Question 1: Explain why market prices are useful to a financial manager (Mason, 2005).
A type of market where goods can be readily bought and sold simultaneously is called a competitive market. The prices of goods from the competitive market can be used to determine the current market value of that good. During the trade of the good, the value of the good is determined by their prices. The reason why these market prices are useful for financial managers is because they can determine costs and benefits for making appropriate decisions which may benefit the organization (Sheffrin 2003). The best decision for the organization can be determined by simply using market price to estimate the cost and benefit of a particular decision. The finest decisions are those whose benefits exceed their value of costs. Such decision makes both the organization and investors wealthy (Sheffrin 2003) (Mason, 2005).

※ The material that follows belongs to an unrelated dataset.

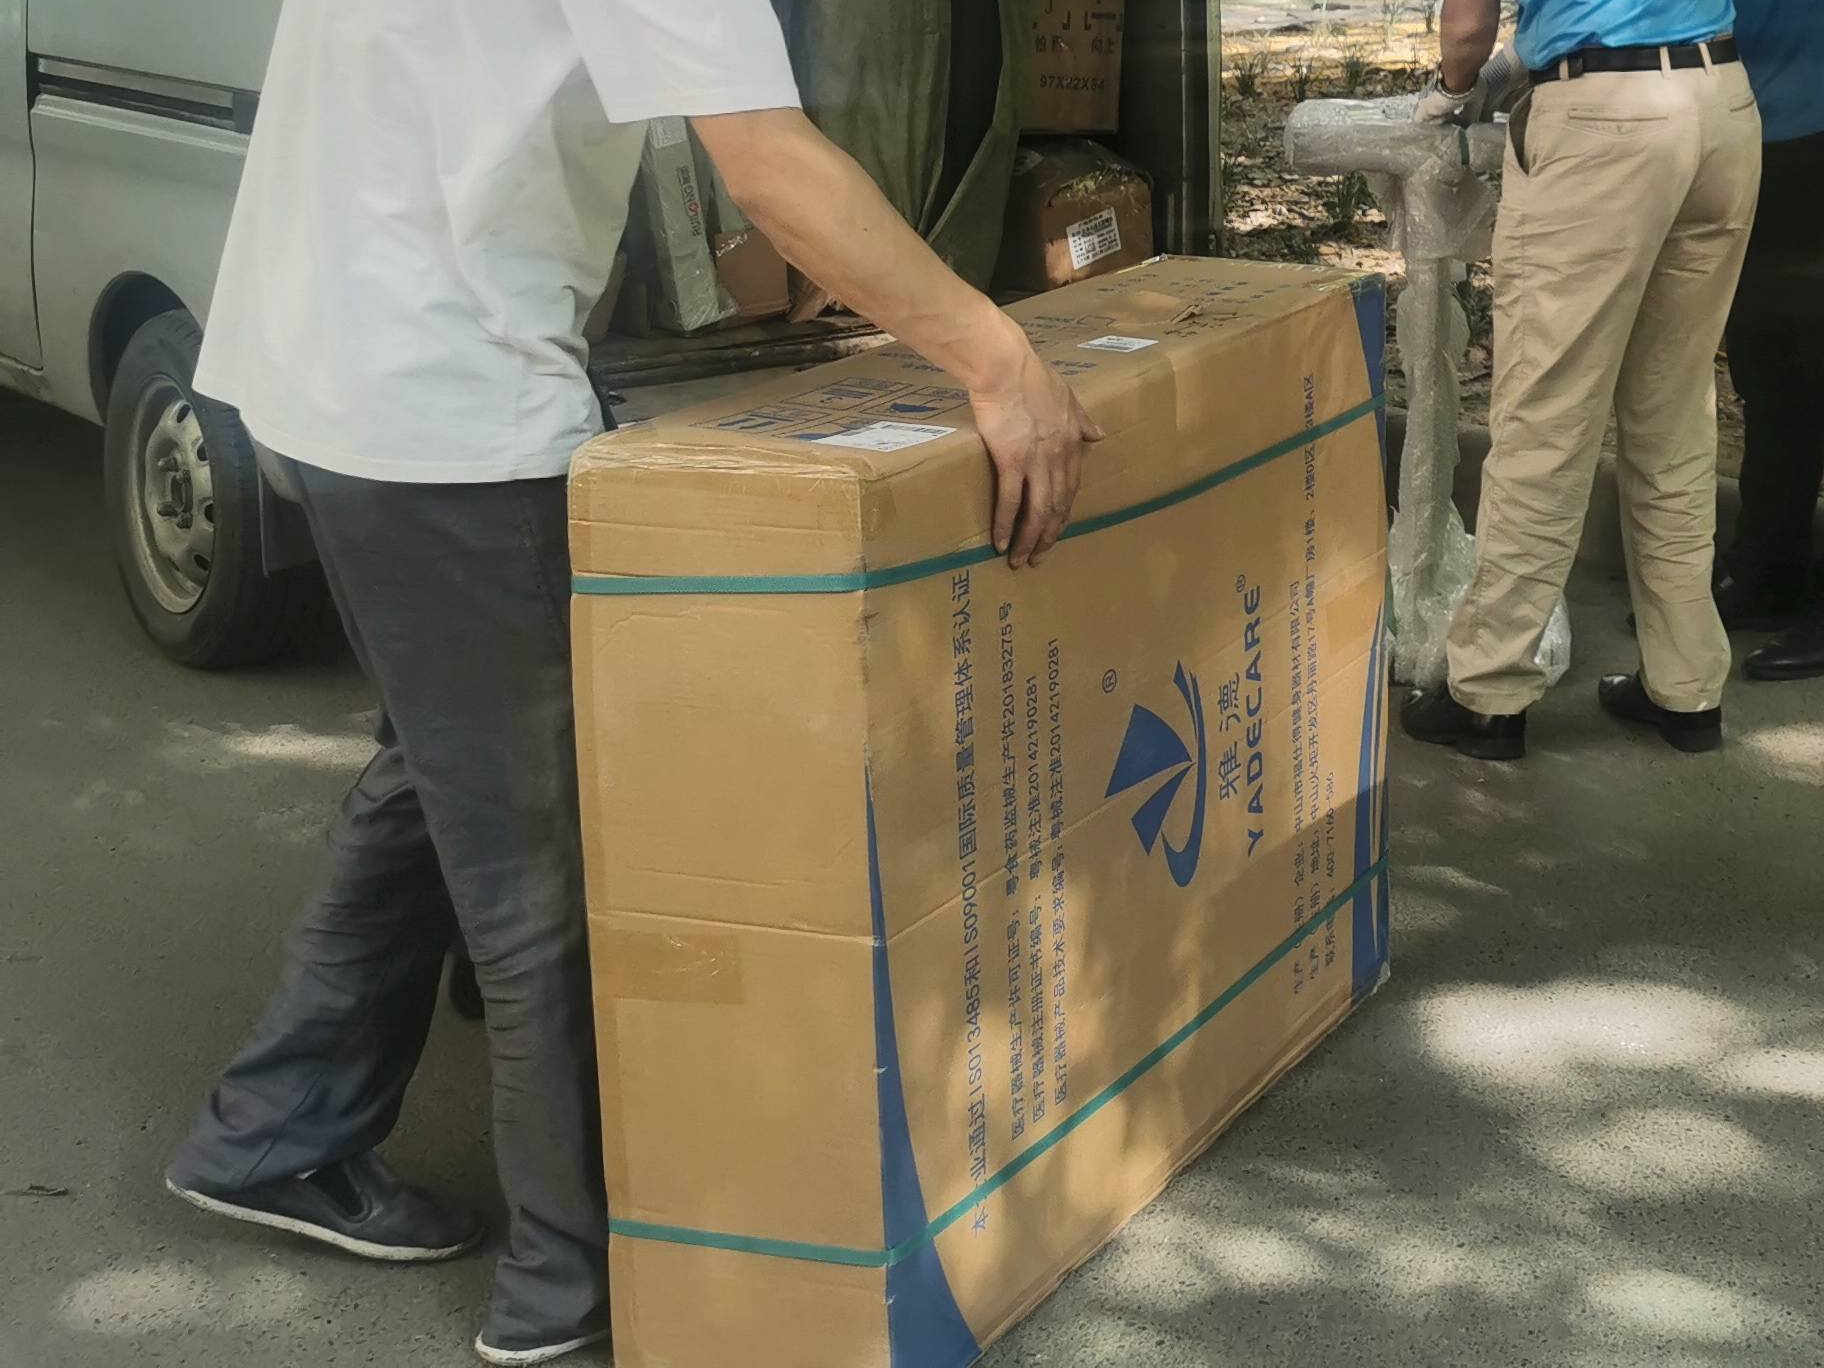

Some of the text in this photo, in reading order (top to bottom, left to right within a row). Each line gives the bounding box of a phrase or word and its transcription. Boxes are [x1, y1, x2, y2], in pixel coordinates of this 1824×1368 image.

Question 2: Discuss how the Valuation Principle helps a financial manager make decisions
Every finance manager has the task of making well calculated decisions for the shareholders and investors of the organization. Everyday these people face questions of production and investment etc (Sheffrin 2003). In an organization people propose different idea which may sound good but does not have any benefit for the company. The financial manager is responsible for breaking and analyzing the idea in a detailed manner to find its costs and benefits. The financial manager only makes a decision which is based on factual numbers (Sheffrin 2003). The valuation principle is the foundation of financial decision making. We also need to keep in mind that with such transactions, there is always the possibility of incurring transaction costs, or expenses such as broker commission and the bid-ask spread investors must pay in most markets in order to trade ...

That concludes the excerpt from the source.